- Date: 17–23 April
- Edition: 8th
- Surface: Clay
- Location: Oeiras, Portugal

Champions

Singles
- Zsombor Piros

Doubles
- Victor Vlad Cornea / Franko Škugor
- ← 2022 · Open de Oeiras · 2023 →

= 2023 Open de Oeiras =

The 2023 Open de Oeiras was a professional tennis tournament played on clay courts. It was the eighth edition of the tournament which was part of the 2023 ATP Challenger Tour.
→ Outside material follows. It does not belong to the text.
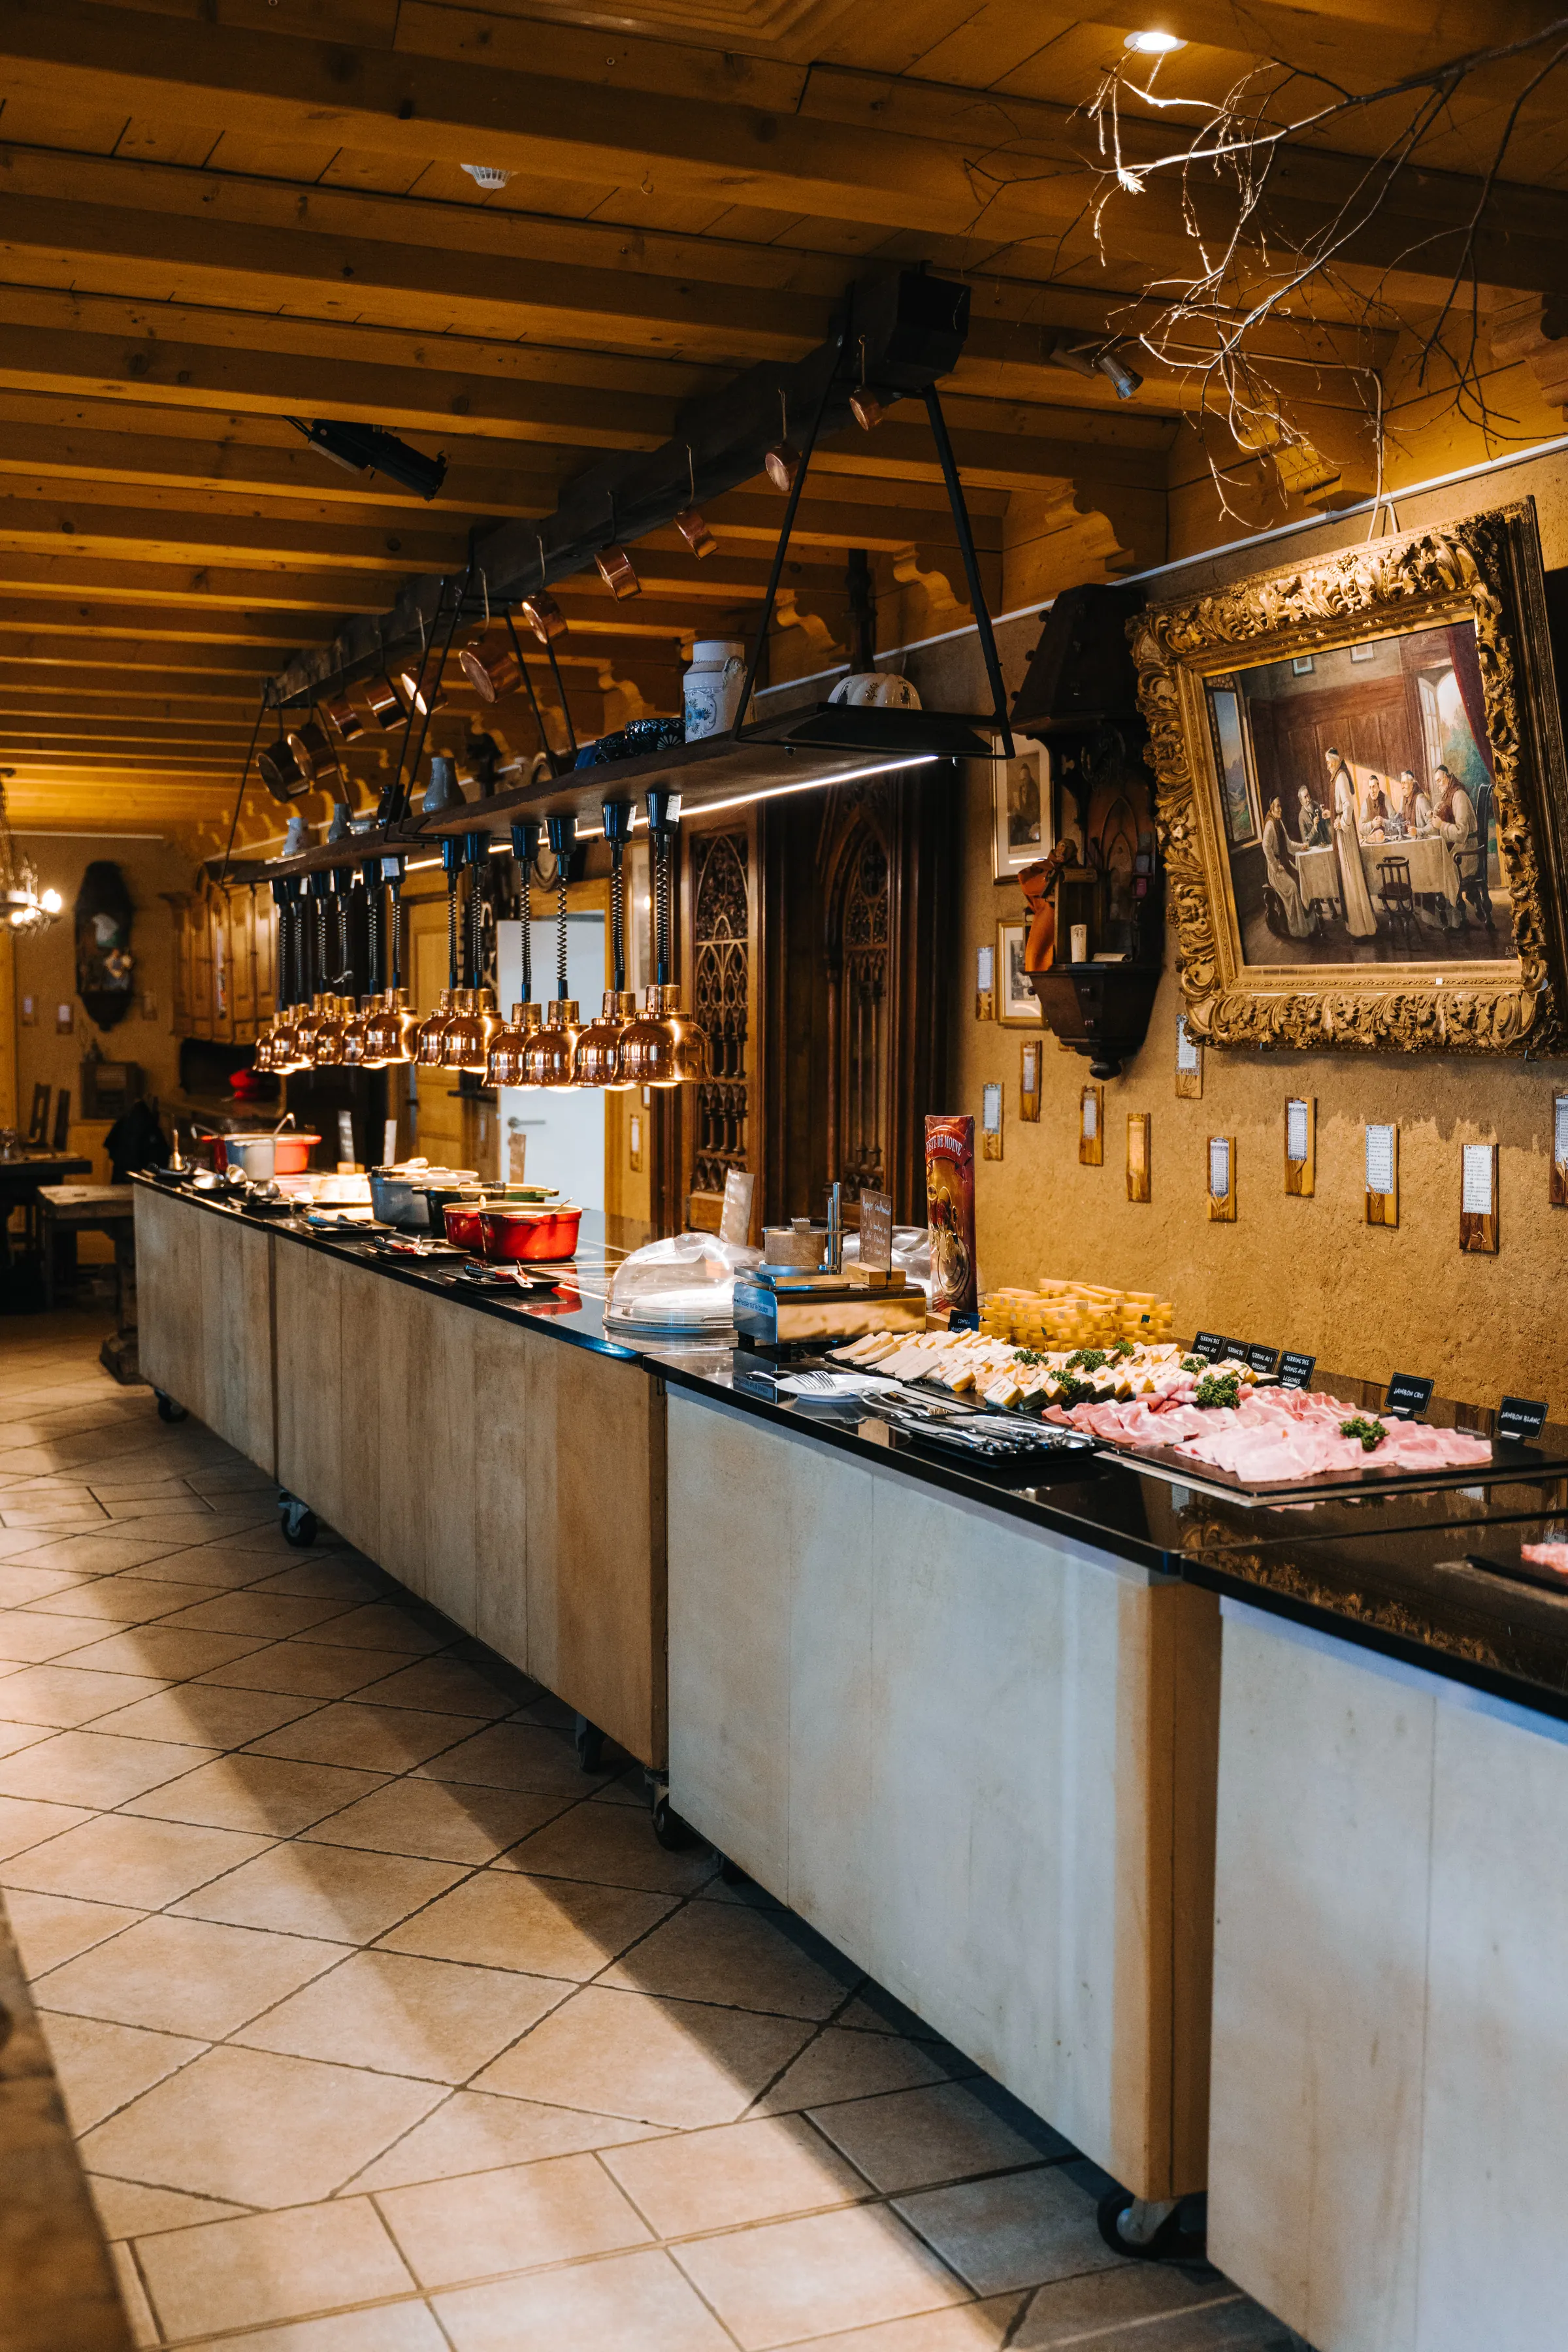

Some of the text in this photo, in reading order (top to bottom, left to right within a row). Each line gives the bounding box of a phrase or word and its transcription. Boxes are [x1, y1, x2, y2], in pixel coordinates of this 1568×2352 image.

It took place in Oeiras, Portugal between 17 and 23 April 2023.

==Singles main-draw entrants==
===Seeds===

| Country | Player | Rank^{1} | Seed |
|---|---|---|---|
| FRA | Adrian Mannarino | 47 | 1 |
| FRA | Alexandre Müller | 96 | 2 |
| AUT | Sebastian Ofner | 120 | 3 |
| ARG | Juan Manuel Cerúndolo | 123 | 4 |
| POR | João Sousa | 146 | 5 |
| JPN | Kaichi Uchida | 160 | 6 |
| HUN | Zsombor Piros | 167 | 7 |
| ITA | Andrea Vavassori | 176 | 8 |

- ^{1} Rankings are as of 10 April 2023.

===Other entrants===
The following players received wildcards into the singles main draw:
- POR Henrique Rocha
- POR Pedro Sousa
- POR Duarte Vale

The following player received entry into the singles main draw as a special exempt:
- HUN Zsombor Piros

The following player received entry into the singles main draw as an alternate:
- POR João Domingues

The following players received entry from the qualifying draw:
- ROU Cezar Crețu
- POR Jaime Faria
- GBR Billy Harris
- ESP Pablo Llamas Ruiz
- ESP Daniel Mérida
- CZE Petr Nouza

The following player received entry as a lucky loser:
- GER Henri Squire

==Champions==
===Singles===

- HUN Zsombor Piros def. ARG Juan Manuel Cerúndolo 6–3, 6–4.

===Doubles===

- ROU Victor Vlad Cornea / CRO Franko Škugor def. BRA Marcelo Demoliner / ITA Andrea Vavassori 7–6^{(7–2)}, 7–6^{(7–4)}.